Consequently, on some occasions, officers would ‘stand me up’. That is, after they agreed to do an interview, they would not carry out the interview without informing me of their reasons. I was, therefore, left ‘hanging around’, waiting for them and marked as unimportant. Westmarland (2011) establishes that researchers are often made to spend considerable time ‘hanging around’, waiting to sort out, arrange and carry out interviews with the police. The feeling of being ‘messed around’ by the police was something that was frequent during the fieldwork, which suggests that some officers were not ‘bothered’ about the importance of the research. This experience of being ‘messed around’ was a signal that I was spreading unhappiness for other police officers, being a nuisance and extracting any contentment from them.

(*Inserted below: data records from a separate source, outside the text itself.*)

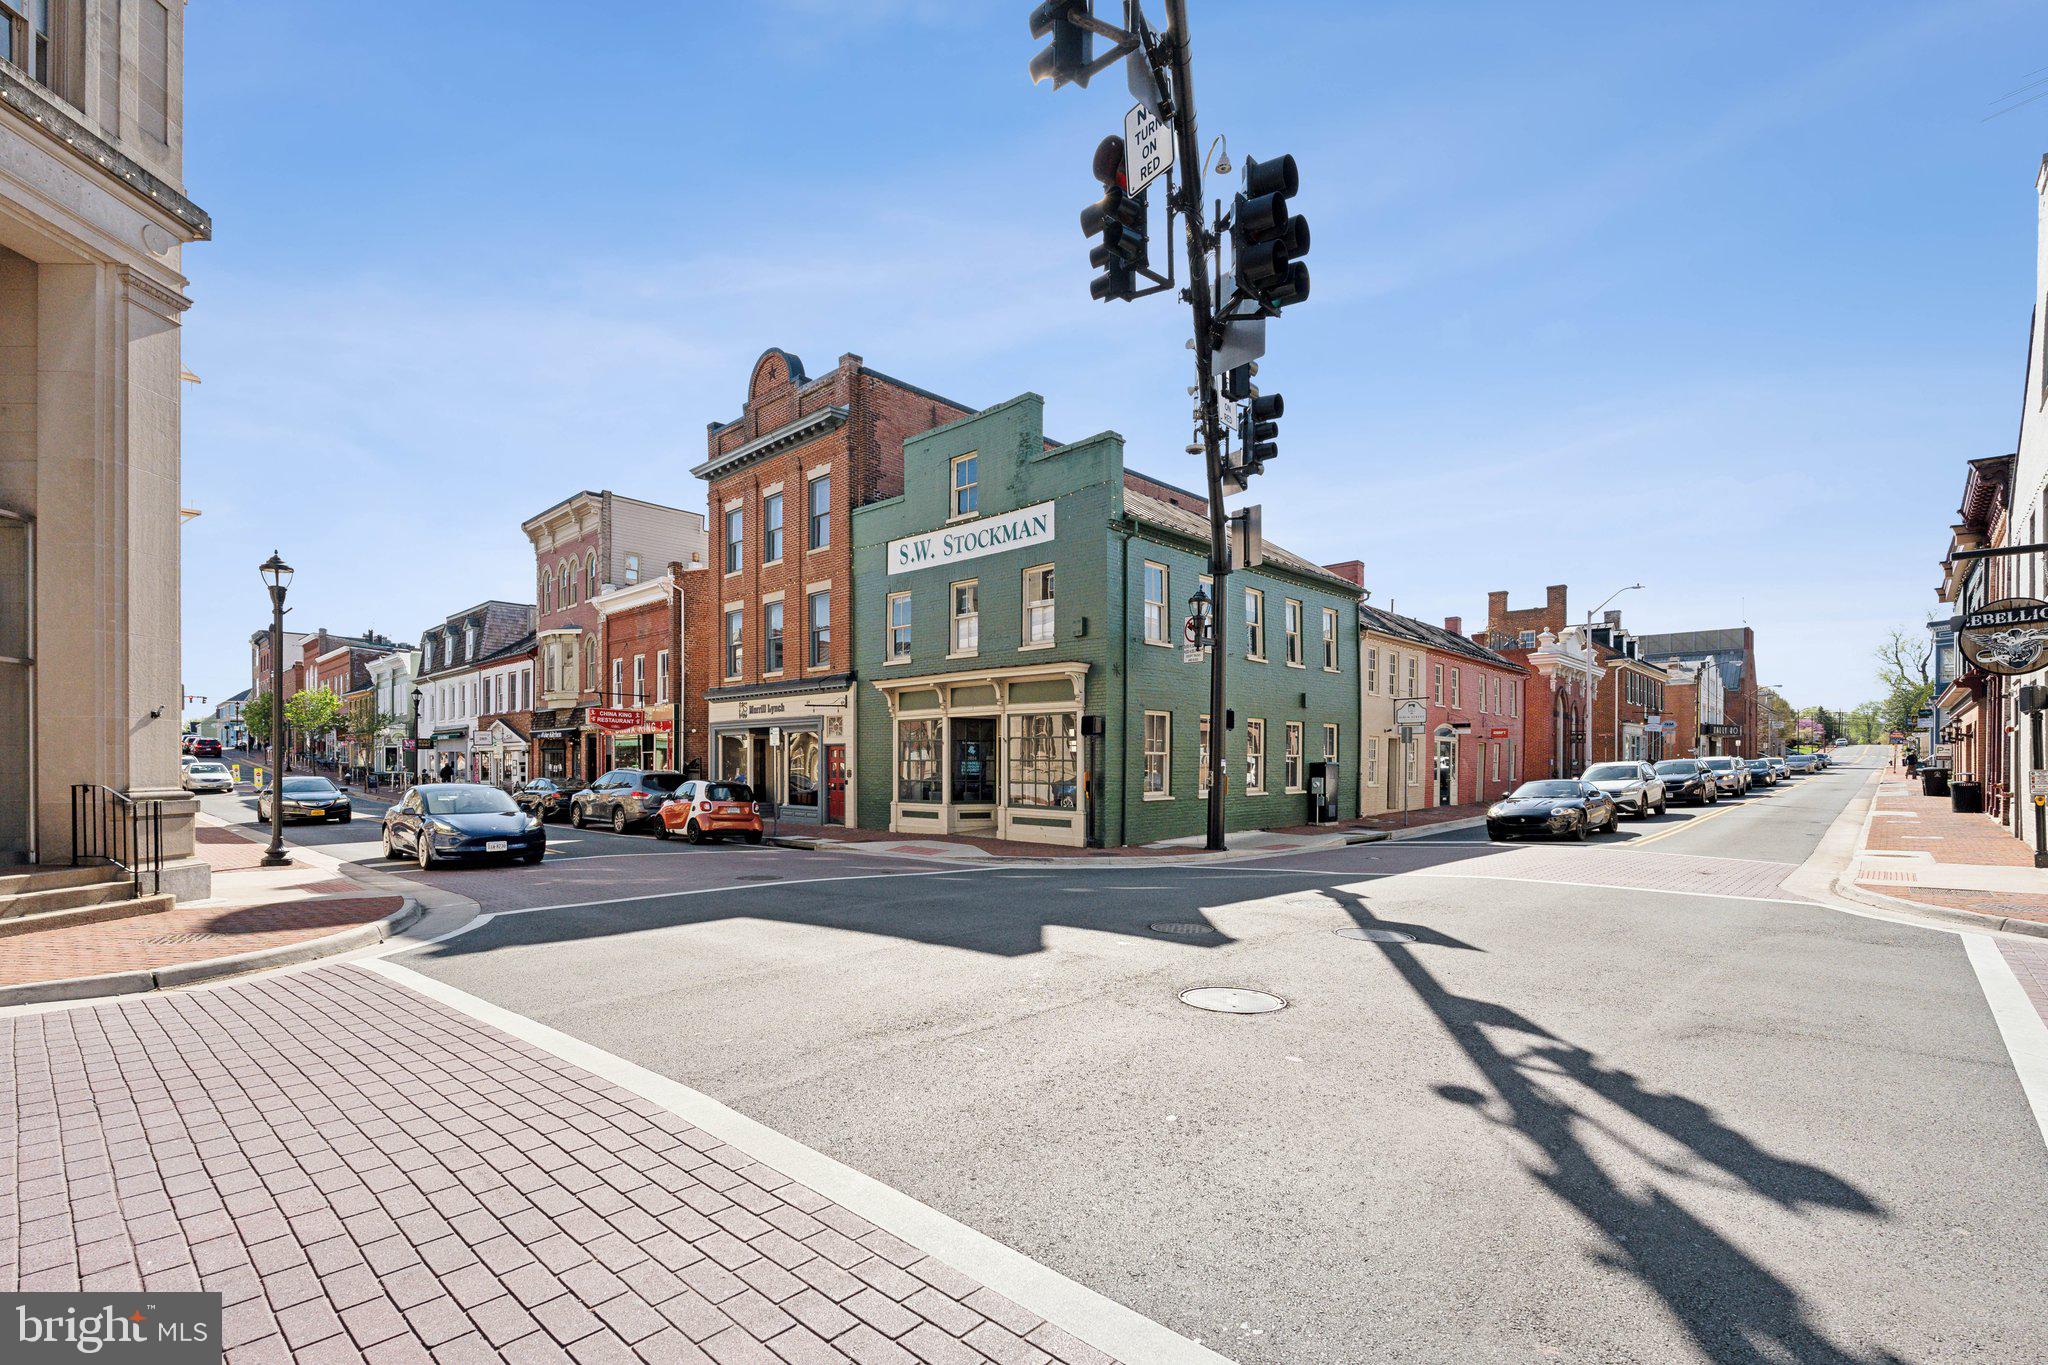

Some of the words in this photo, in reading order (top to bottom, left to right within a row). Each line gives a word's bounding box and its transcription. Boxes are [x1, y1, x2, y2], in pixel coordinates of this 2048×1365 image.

[1137, 107, 1151, 125] N
[1142, 138, 1157, 159] ON
[1140, 156, 1160, 181] RED
[899, 538, 935, 565] S.W.
[943, 514, 1047, 556] STOCKMAN
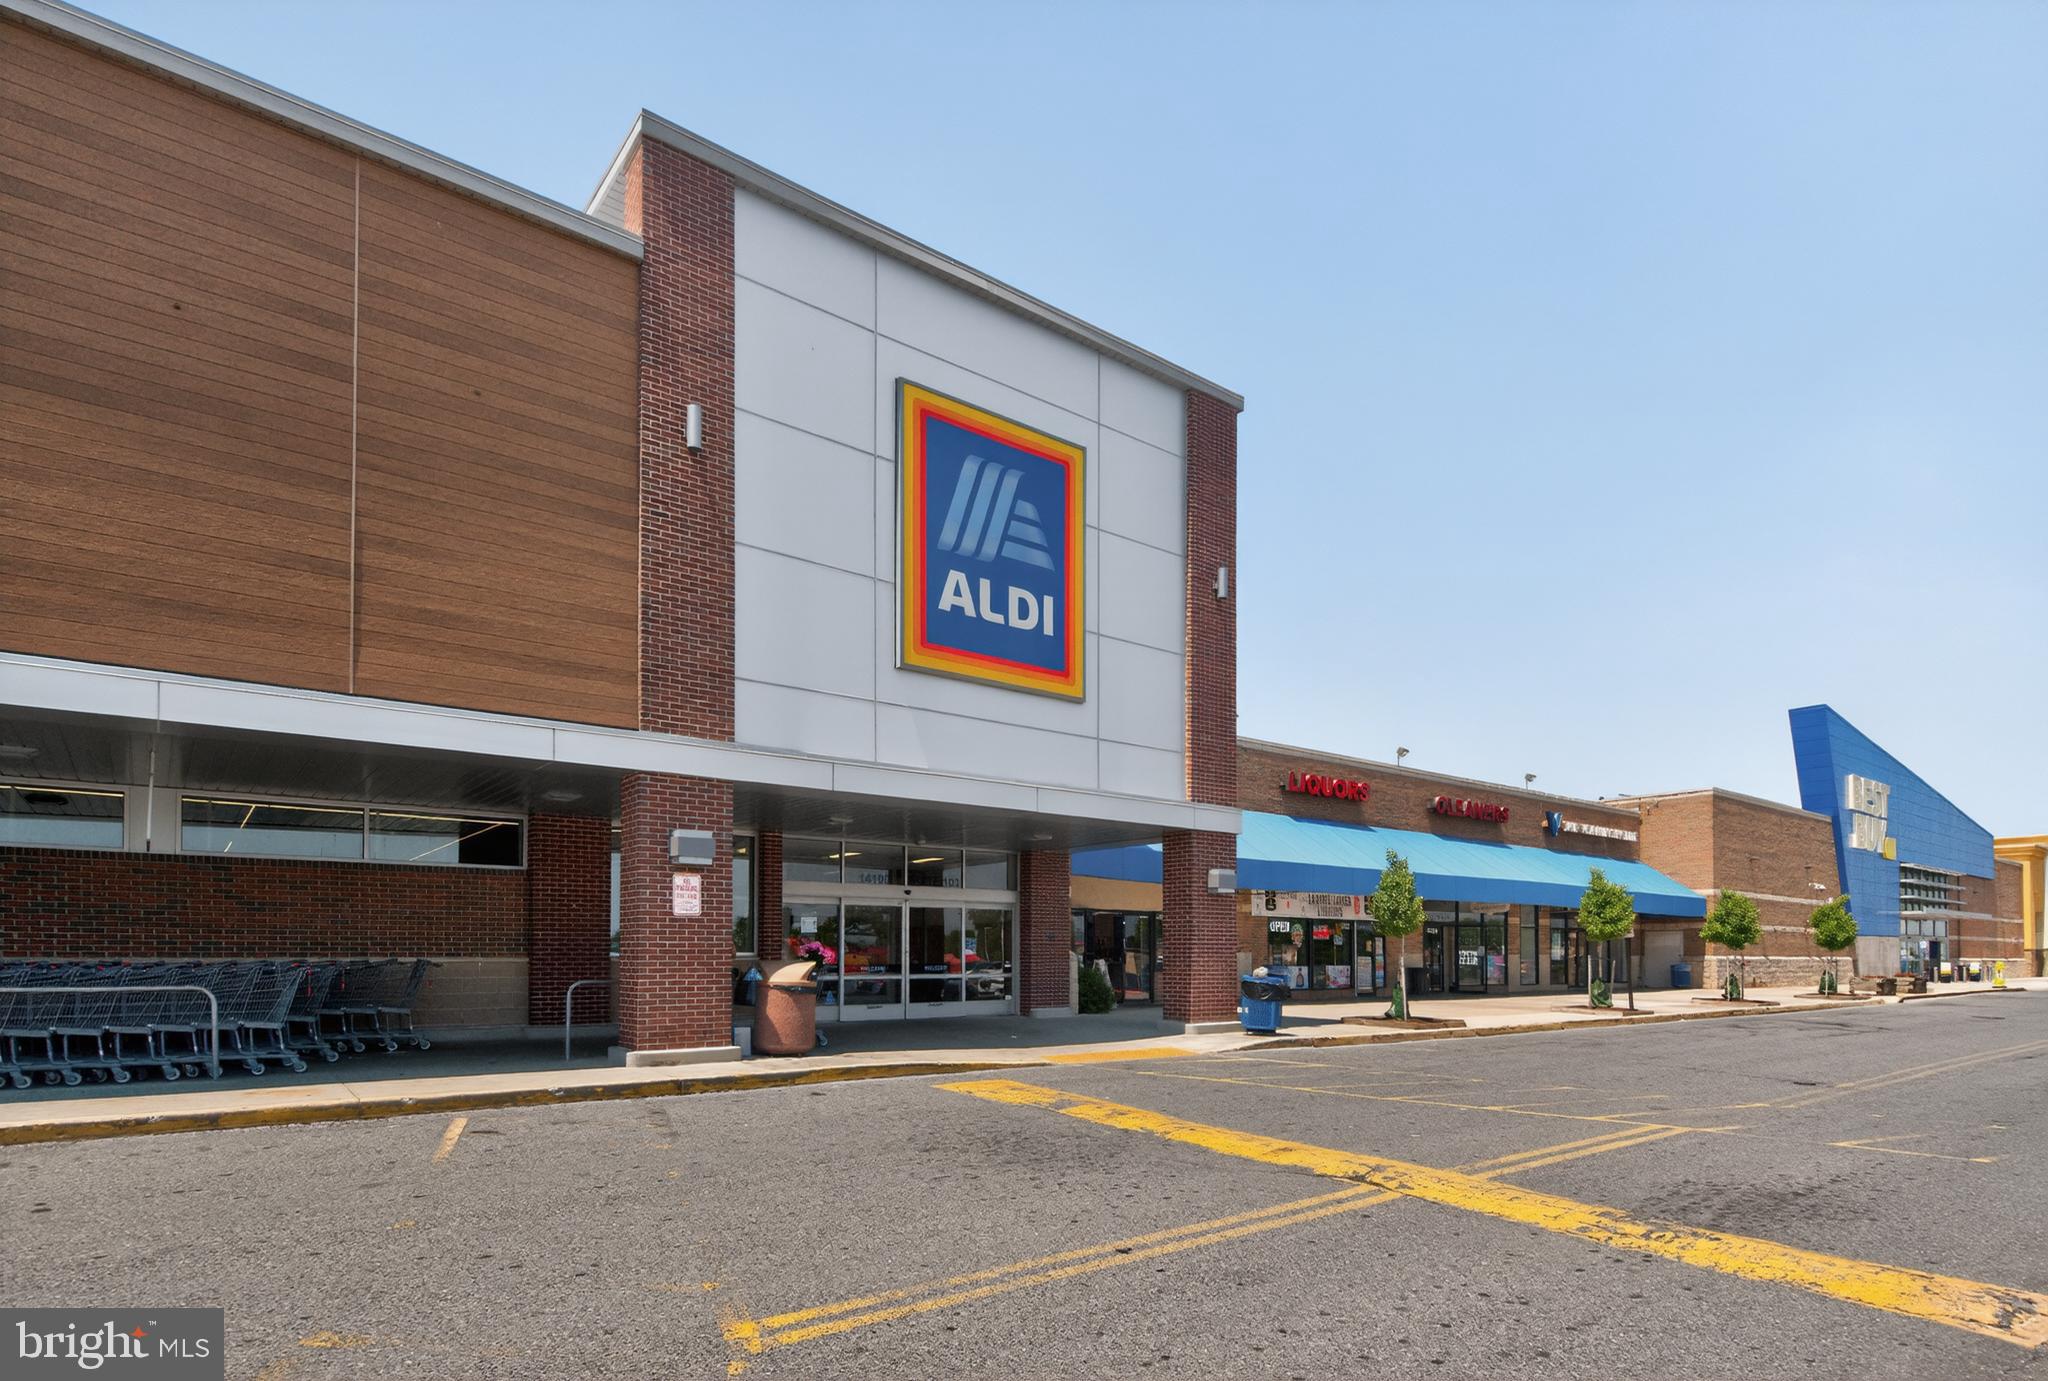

Stigma within the fieldwork
The persistence of male rape stigma (Abdullah-Khan, 2008; Javaid, 2018a, 2018c; Rumney, 2008, 2009), and the threat that male rape poses to men’s hegemonic masculinity (Javaid, 2018e), made it difficult for officers to tell their stories in-depth during the interviews. This stigma contributed to a ‘culture of silence’ in the interviews. However, this silence could also be an expression of the officers’ own vulnerabilities or potential sympathies rather than sheer dismissal and disgust. Men often find it difficult to consider the possibility that they can be vulnerable and powerless (Javaid, 2018b). Some police officers have never spoken about their experiences of dealing with male rape victims because of the stigma attached to male rape, making it difficult to build a rapport with the officers. Ahmed (2010) argues that stigma manifests itself when a ‘normal’ reaction to something is out of step, non-conforming, and not expected. The stigmatised entity, therefore, is isolated and placed at the periphery of normality; it becomes alien to some police officers because they do not know how to compartmentalise it. My fieldwork notes demonstrate these concerns of stigma: In every single interview that I did with the police, the issue of stigma cropped up. I could see the officers getting uncomfortable talking about the issue of male rape. They looked uneasy, shameful and embarrassed. As a sociologist, I knew that, in every single social encounter, we all run the risk of running into stigma. These interviews were no exception. I am struggling to connect with the officers because of this stigma. What do I do?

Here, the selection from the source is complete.